* **Work instructions**: After locating the line that holds "this 1428×1904 image.", transcribe it and each following line to the end of the records, changing nothing and adding nothing.

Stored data
++++++

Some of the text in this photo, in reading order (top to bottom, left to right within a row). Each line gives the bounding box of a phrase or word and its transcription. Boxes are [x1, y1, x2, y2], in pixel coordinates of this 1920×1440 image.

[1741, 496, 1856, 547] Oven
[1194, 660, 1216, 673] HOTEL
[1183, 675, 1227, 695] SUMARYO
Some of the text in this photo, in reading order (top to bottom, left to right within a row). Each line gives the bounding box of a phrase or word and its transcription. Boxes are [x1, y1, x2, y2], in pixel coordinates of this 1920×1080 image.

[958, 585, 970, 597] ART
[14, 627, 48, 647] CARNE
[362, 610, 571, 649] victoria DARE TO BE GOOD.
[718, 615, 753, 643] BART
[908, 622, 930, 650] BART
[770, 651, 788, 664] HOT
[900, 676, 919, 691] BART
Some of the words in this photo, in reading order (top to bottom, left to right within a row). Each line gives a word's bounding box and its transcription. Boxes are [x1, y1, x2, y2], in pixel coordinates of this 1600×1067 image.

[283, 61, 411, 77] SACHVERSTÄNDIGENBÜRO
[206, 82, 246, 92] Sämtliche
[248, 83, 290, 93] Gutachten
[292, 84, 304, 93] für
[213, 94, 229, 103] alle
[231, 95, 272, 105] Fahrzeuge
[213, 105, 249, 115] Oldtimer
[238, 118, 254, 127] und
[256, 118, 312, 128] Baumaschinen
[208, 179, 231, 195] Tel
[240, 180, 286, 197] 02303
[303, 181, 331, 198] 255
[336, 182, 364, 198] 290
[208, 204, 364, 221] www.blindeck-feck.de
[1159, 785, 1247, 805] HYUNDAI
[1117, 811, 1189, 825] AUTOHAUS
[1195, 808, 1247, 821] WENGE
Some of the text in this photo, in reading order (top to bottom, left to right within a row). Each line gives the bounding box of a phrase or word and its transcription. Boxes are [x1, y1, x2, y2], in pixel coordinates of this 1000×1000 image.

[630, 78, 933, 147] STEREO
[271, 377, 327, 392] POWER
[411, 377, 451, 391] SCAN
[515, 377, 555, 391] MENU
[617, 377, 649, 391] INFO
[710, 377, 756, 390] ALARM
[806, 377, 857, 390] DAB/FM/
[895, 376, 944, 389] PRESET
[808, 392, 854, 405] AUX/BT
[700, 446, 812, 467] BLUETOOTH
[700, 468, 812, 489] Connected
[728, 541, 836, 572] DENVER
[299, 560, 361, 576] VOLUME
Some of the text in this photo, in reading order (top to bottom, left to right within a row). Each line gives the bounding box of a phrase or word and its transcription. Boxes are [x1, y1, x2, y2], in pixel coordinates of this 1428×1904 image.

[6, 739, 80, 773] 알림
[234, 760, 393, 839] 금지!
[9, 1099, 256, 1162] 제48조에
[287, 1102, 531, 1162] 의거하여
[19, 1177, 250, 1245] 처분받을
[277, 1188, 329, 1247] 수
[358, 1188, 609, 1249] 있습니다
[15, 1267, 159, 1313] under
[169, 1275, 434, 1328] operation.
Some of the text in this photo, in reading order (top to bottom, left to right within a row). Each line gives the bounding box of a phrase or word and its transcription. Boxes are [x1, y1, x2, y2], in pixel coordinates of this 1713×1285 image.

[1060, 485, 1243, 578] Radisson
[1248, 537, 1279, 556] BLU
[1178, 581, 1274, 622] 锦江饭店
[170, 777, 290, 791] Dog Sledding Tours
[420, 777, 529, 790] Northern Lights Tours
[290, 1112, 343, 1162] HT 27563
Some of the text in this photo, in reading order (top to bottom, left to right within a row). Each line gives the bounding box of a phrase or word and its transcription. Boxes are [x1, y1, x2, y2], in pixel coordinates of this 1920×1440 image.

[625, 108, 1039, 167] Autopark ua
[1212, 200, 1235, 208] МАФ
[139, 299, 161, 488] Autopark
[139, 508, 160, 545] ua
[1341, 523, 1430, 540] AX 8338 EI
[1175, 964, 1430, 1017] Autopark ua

++++++

* **Task output**:
Some of the text in this photo, in reading order (top to bottom, left to right within a row). Each line gives the bounding box of a phrase or word and its transcription. Boxes are [x1, y1, x2, y2], in pixel coordinates of this 1428×1904 image.

[6, 739, 80, 773] 알림
[234, 760, 393, 839] 금지!
[9, 1099, 256, 1162] 제48조에
[287, 1102, 531, 1162] 의거하여
[19, 1177, 250, 1245] 처분받을
[277, 1188, 329, 1247] 수
[358, 1188, 609, 1249] 있습니다
[15, 1267, 159, 1313] under
[169, 1275, 434, 1328] operation.
Some of the text in this photo, in reading order (top to bottom, left to right within a row). Each line gives the bounding box of a phrase or word and its transcription. Boxes are [x1, y1, x2, y2], in pixel coordinates of this 1713×1285 image.

[1060, 485, 1243, 578] Radisson
[1248, 537, 1279, 556] BLU
[1178, 581, 1274, 622] 锦江饭店
[170, 777, 290, 791] Dog Sledding Tours
[420, 777, 529, 790] Northern Lights Tours
[290, 1112, 343, 1162] HT 27563
Some of the text in this photo, in reading order (top to bottom, left to right within a row). Each line gives the bounding box of a phrase or word and its transcription. Boxes are [x1, y1, x2, y2], in pixel coordinates of this 1920×1440 image.

[625, 108, 1039, 167] Autopark ua
[1212, 200, 1235, 208] МАФ
[139, 299, 161, 488] Autopark
[139, 508, 160, 545] ua
[1341, 523, 1430, 540] AX 8338 EI
[1175, 964, 1430, 1017] Autopark ua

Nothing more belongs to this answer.